One request they made from the officials was to allow them a dip in the sea.Many claim that although they have seen the beaches they have not had a sea bath for many years due to the security restrictions.

It was while they were taking a sea bath at a scenic spot in the Galle Fort that The Sunday Times met up with the group. Amidst screams of laughter they posed for pictures and shared their experiences of the past few days,and even of the difficulties they undergo living in a conflict area.

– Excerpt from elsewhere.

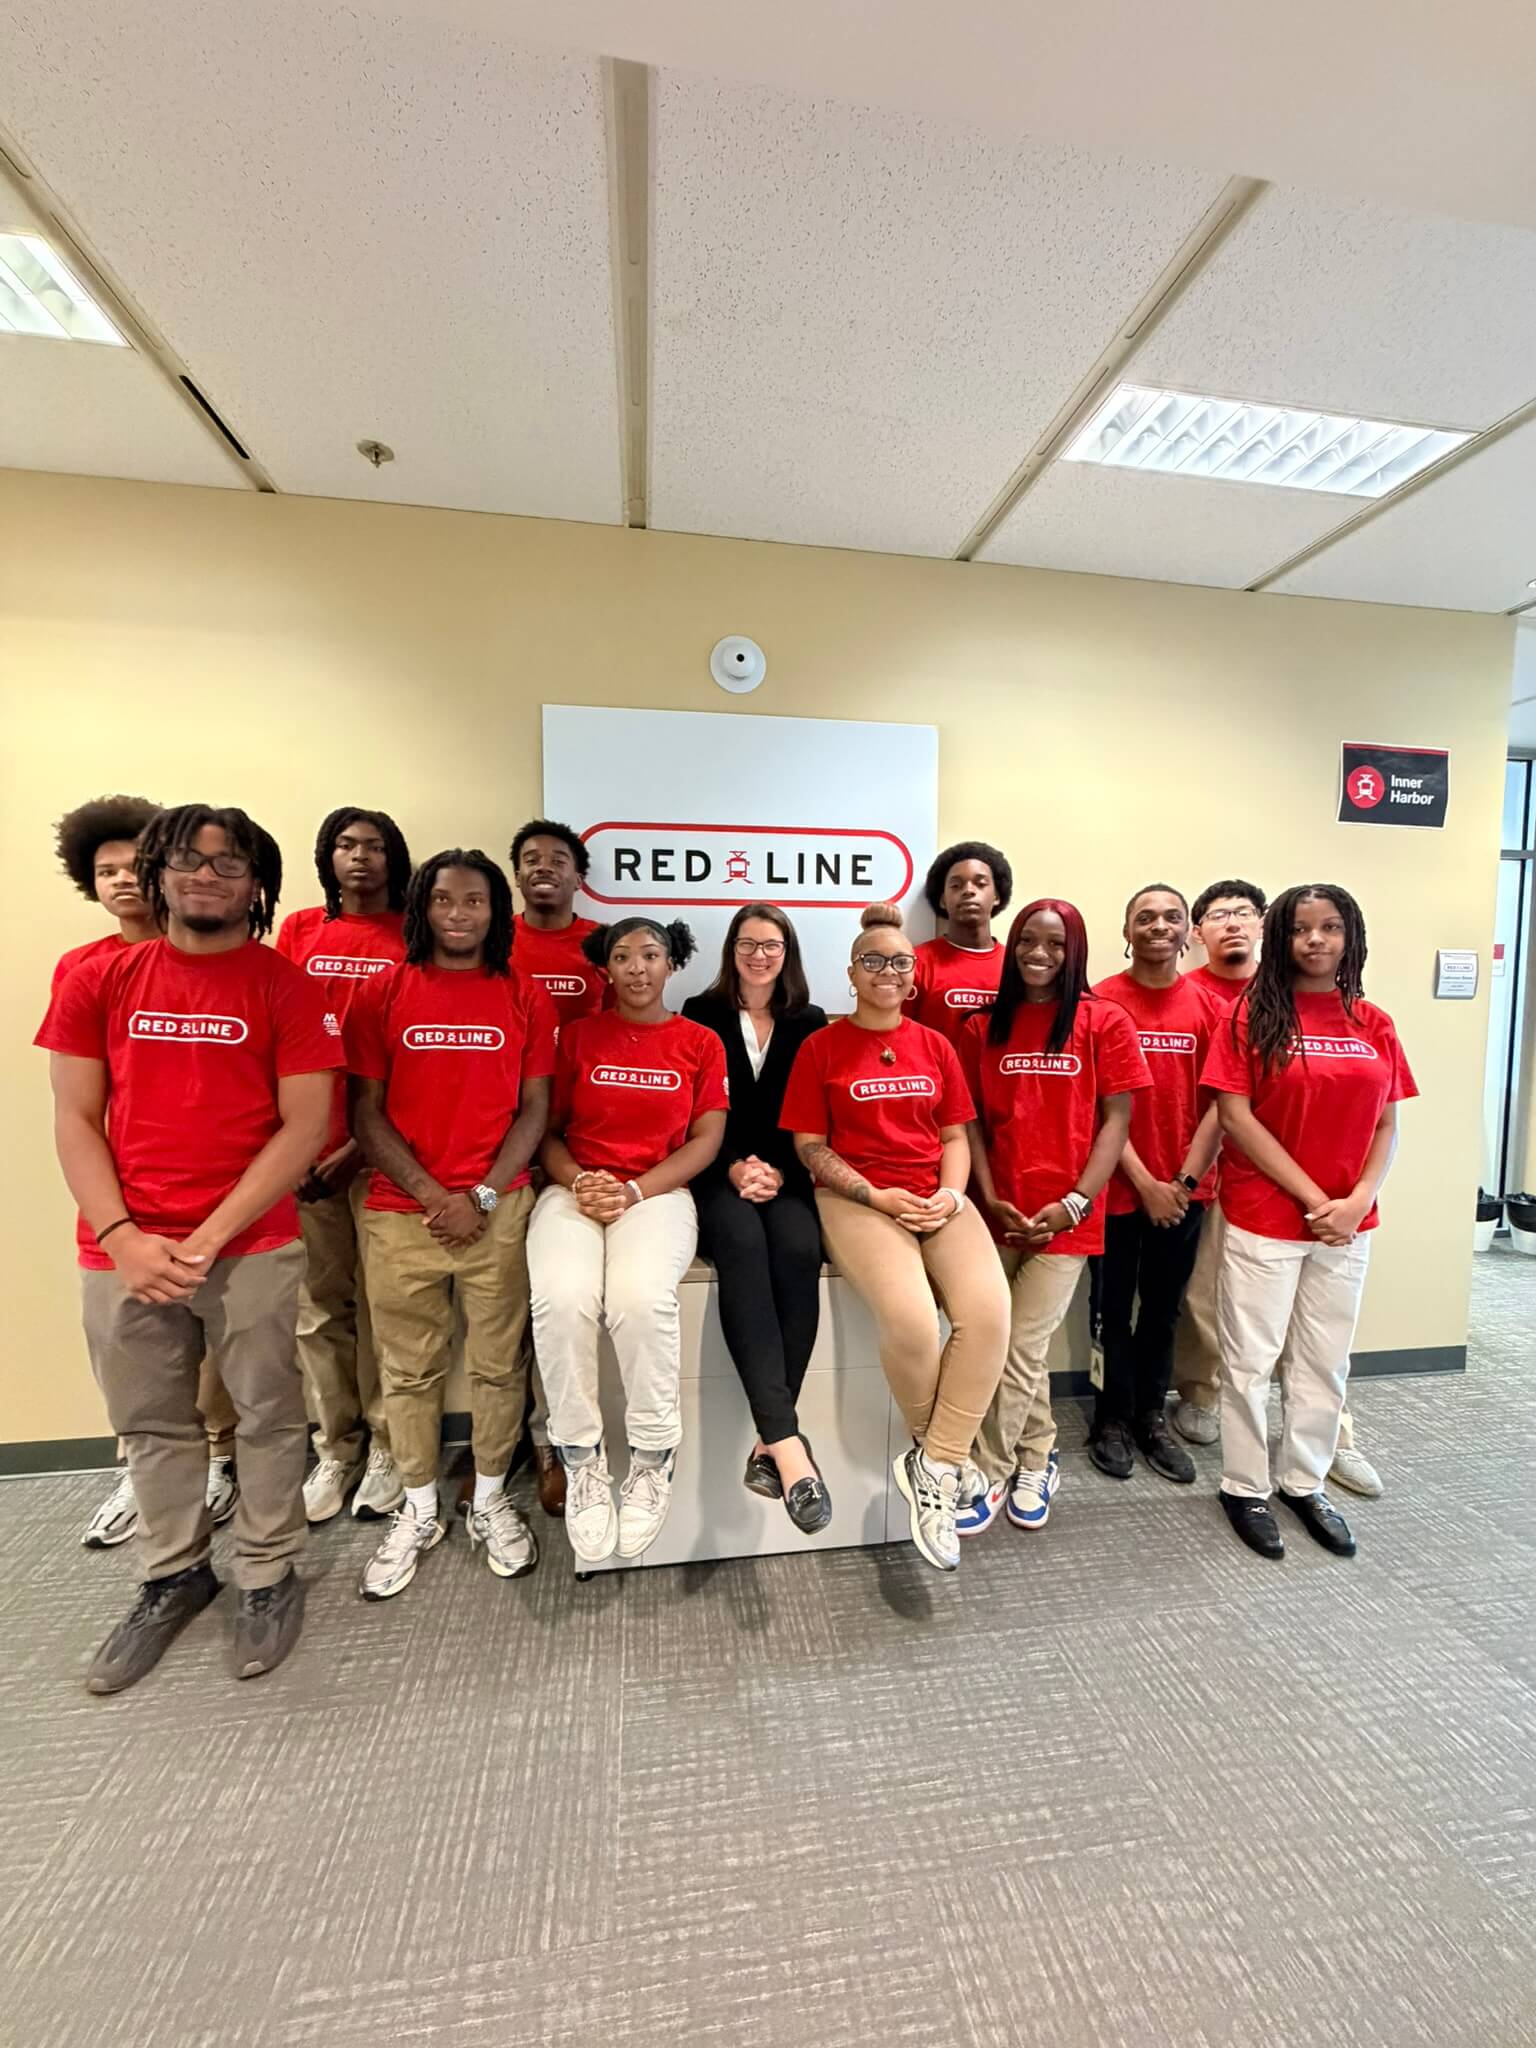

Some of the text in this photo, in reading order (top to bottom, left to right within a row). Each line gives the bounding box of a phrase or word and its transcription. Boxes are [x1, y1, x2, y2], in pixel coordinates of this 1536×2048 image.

All of them were grateful to the hosts of the Sinhalese homes where they were staying. Many claimed they had no idea that Sinhala people were so friendly. Most have had contact only with the Sinhala forces. What was surprising is that there were six Sinhala girls and boys from Vavuniya in the group for whom this was their first visit to the South.

Mohommed Sinthas
Nineteen year old Mohammed Sinthas, a first year Advanced Level science student from Batticaloa, said “There is so much to see and learn in Galle. I never expected the people to be so friendly.I will definitely have a lot to take with me to Batticaloa,” he said.

T. Jayandan

It is the different kind of food prepared in the South that has attracted 20 year old T.Jayandan to this part of the country. Coming from Vavuniya, he says the Sinhalese can cook very well.

“The family I am living with makes it a point to prepare all types of food. My favourite is the ‘Kos (jak) curry.’ They even prepare the fish differently from the way we do,” he said.

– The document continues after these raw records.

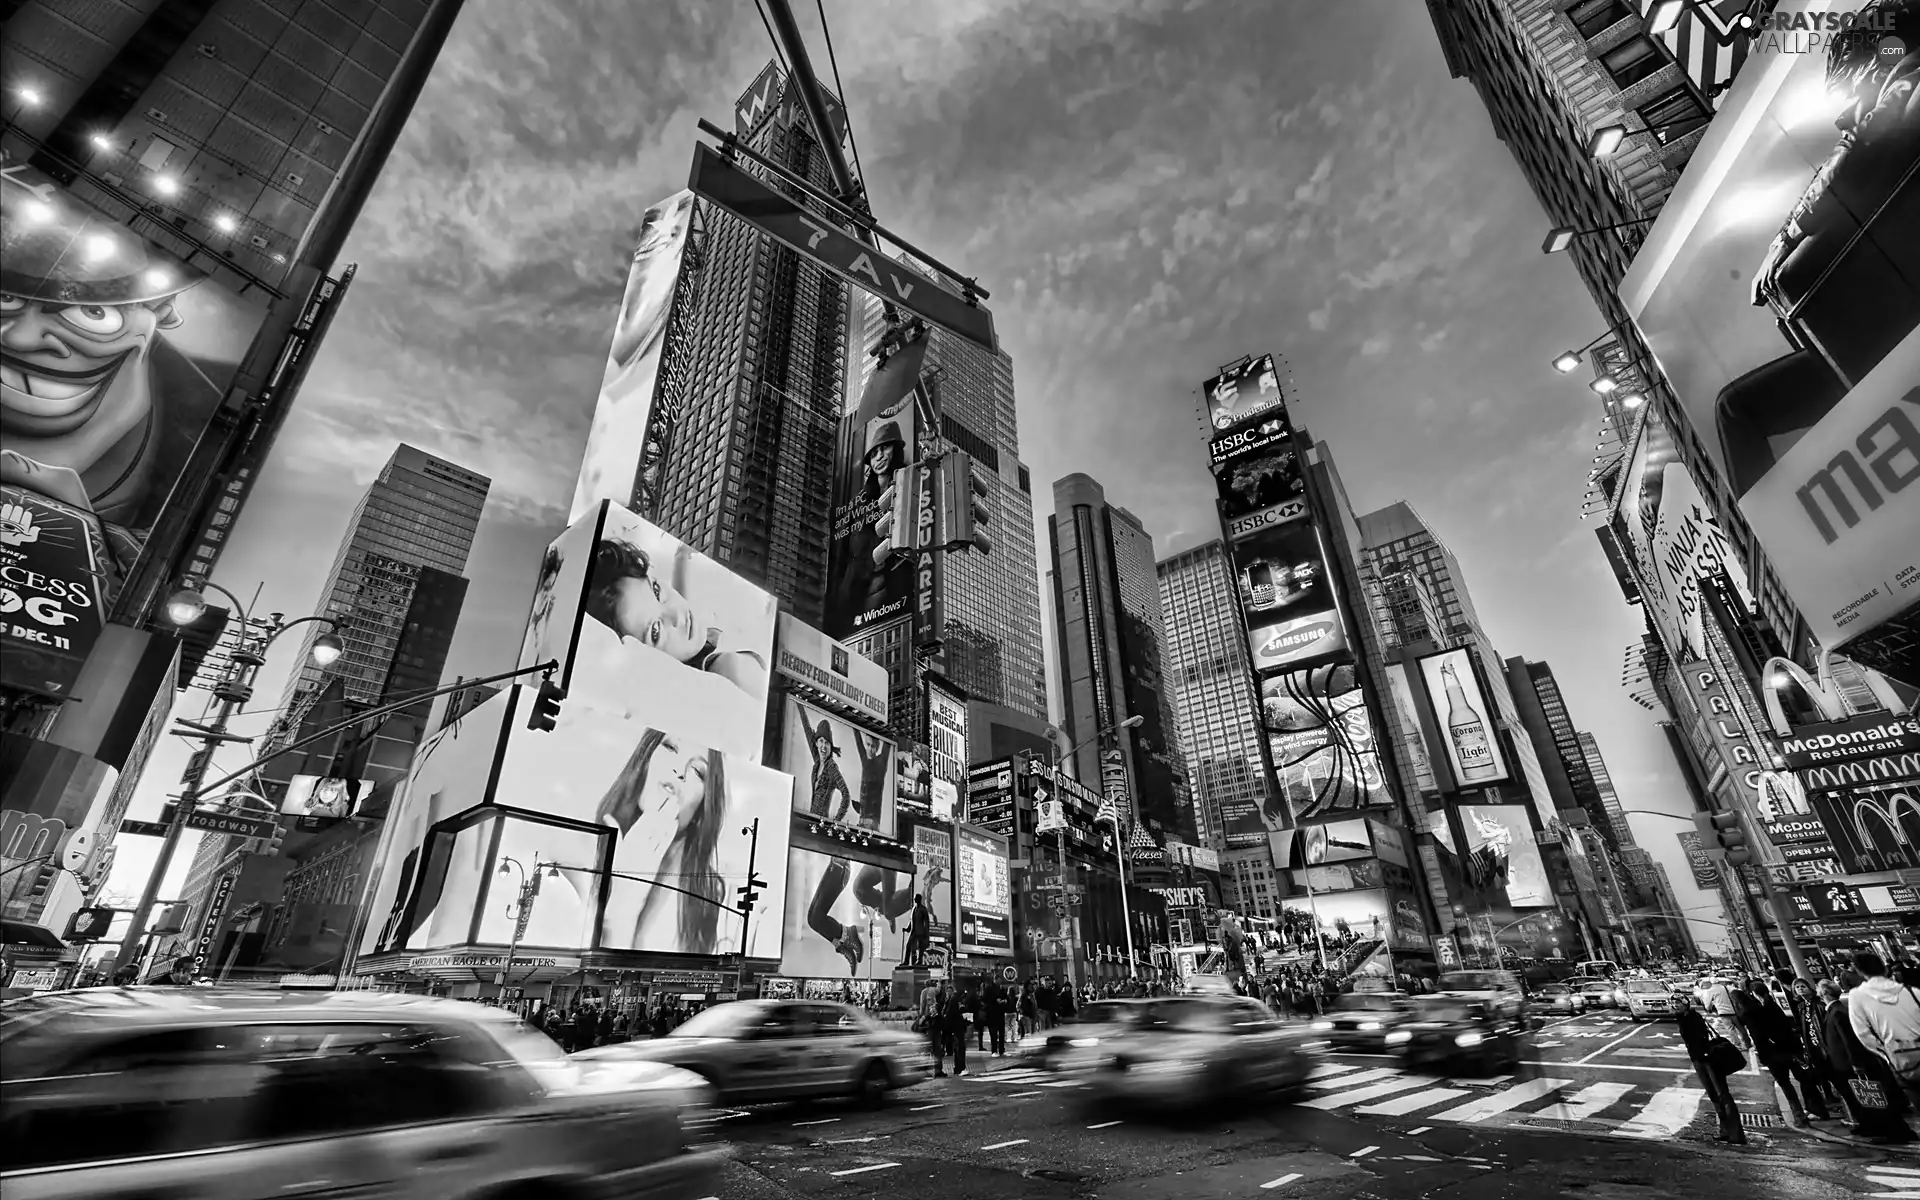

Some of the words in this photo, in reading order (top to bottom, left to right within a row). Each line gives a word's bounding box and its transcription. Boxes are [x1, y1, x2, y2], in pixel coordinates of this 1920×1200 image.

[799, 216, 828, 249] 7
[849, 252, 914, 300] AV
[1234, 394, 1282, 422] Prudential
[1211, 428, 1256, 455] HSBC
[1213, 453, 1227, 463] The
[1228, 441, 1252, 458] world's
[1252, 436, 1269, 449] local
[1270, 430, 1288, 442] bank
[1795, 384, 1920, 546] ma
[835, 505, 848, 518] I'm
[855, 494, 867, 507] PC
[835, 514, 850, 529] and
[851, 497, 880, 518] Windo
[834, 527, 849, 540] was
[850, 519, 864, 537] my
[1231, 510, 1277, 535] HSBC
[918, 490, 936, 614] SQUARE
[1664, 514, 1701, 584] NINJA
[1895, 564, 1917, 582] DATA
[864, 601, 900, 623] Windows
[901, 596, 908, 607] 7
[1831, 587, 1879, 622] RECORDABLE
[919, 625, 932, 635] NYC
[1836, 611, 1861, 629] MEDIA
[11, 624, 52, 645] DEC.
[53, 635, 70, 650] 11
[1268, 628, 1326, 651] SAMSUNG
[782, 650, 813, 678] READY
[813, 666, 830, 688] FOR
[830, 675, 864, 704] HOLIDAY
[864, 694, 886, 716] CHEER
[932, 710, 965, 737] MUSICAL
[939, 703, 957, 720] BEST
[933, 724, 955, 758] BILLY
[1270, 733, 1295, 746] display
[1296, 728, 1328, 740] powered
[1452, 725, 1482, 738] Corona
[1783, 719, 1920, 754] McDonald's
[1273, 744, 1282, 753] by
[1283, 740, 1301, 751] wind
[1301, 737, 1328, 748] energy
[1460, 745, 1488, 759] Light
[1810, 738, 1904, 760] Restaurant
[135, 822, 146, 833] 7
[192, 814, 259, 836] roadway
[1131, 849, 1163, 860] Reese's
[1785, 848, 1812, 857] OPEN
[1813, 845, 1827, 854] 24
[191, 880, 229, 975] SCIENTOLOG
[411, 956, 450, 967] AMERICAN
[451, 956, 487, 966] EAGLE
[489, 956, 557, 967] OUTERS
[922, 951, 945, 966] ROXY

Twenty eight year old T Pradeepan from Jaffna is different from the rest of the group, having lived through most of the military operations. For him this trip has not only helped him to get away from it all but also to meet other young people from a different community.

“Although the government claims there is civil administration, life is difficult in Jaffna. All of us have suffered immensely. What I want to do is to tell the youth in this area what we have gone through.,’ he said.

This being his first visit to Galle, Pradeepan is thrilled with its beauty. “It is so peaceful. People seem to be happy with what they have. This is so evident. The Sinhala family I live with are not rich but very content with life,’ he said.

The biggest problem the group has experienced on their tour is the language barrier. Communication has proved to be a big stumbling block, but they are determined to overcome it.

“We use sign language and express ourselves in some way. The problem arose only in the first day. Now we feel like one family. I am sure we all will feel sad to leave them at the end of the trip,” said Pradeepan.

ShivaniFor twenty year old Shivani, a teacher trainee from Jaffna the flight to Ratmalana was the most memorable aspect on this trip. This being her first visit she says that she is enthralled by the traditions and customs of the South.

A second year under graduate at the Jaffna University Nicholas Prabaharan (26) said that many Sinhalese people had a wrong impression about Tamils living in the North. He was keen to correct that.

“Although we live in the liberated area, life is not easy. Even if we gain university admission it is with the greatest difficulty. We have to study under the most difficult conditions. I was not able to do my Advanced Level in the year I was supposed to have. Our house was shelled and my grand mother died,’ he said.

Nicholas who will be sitting for his second year exam next month had been determined to come on the trip mainly because he has never come to Colombo.

“The impression I had of the people and the place was very different. Economically people in the South are well off,” he said.

Nilanthi and JayanthiWhile all these Tamil youth expressed their views on Galle, twenty year old Nilanthi, a Sinhalese from Vavuniya said all these years she had only read about Galle but never had the chance to see it.

“It is only when you come here that you realise how much we are missing out on life. Education wise it is so difficult. Even meeting with people. The family I am staying with has gone out of their way to make this trip a memorable one,” she said.

That much was obvious. Not only for Nilanthi but also for the rest of the group these six days spent in the South were not going to be forgotten.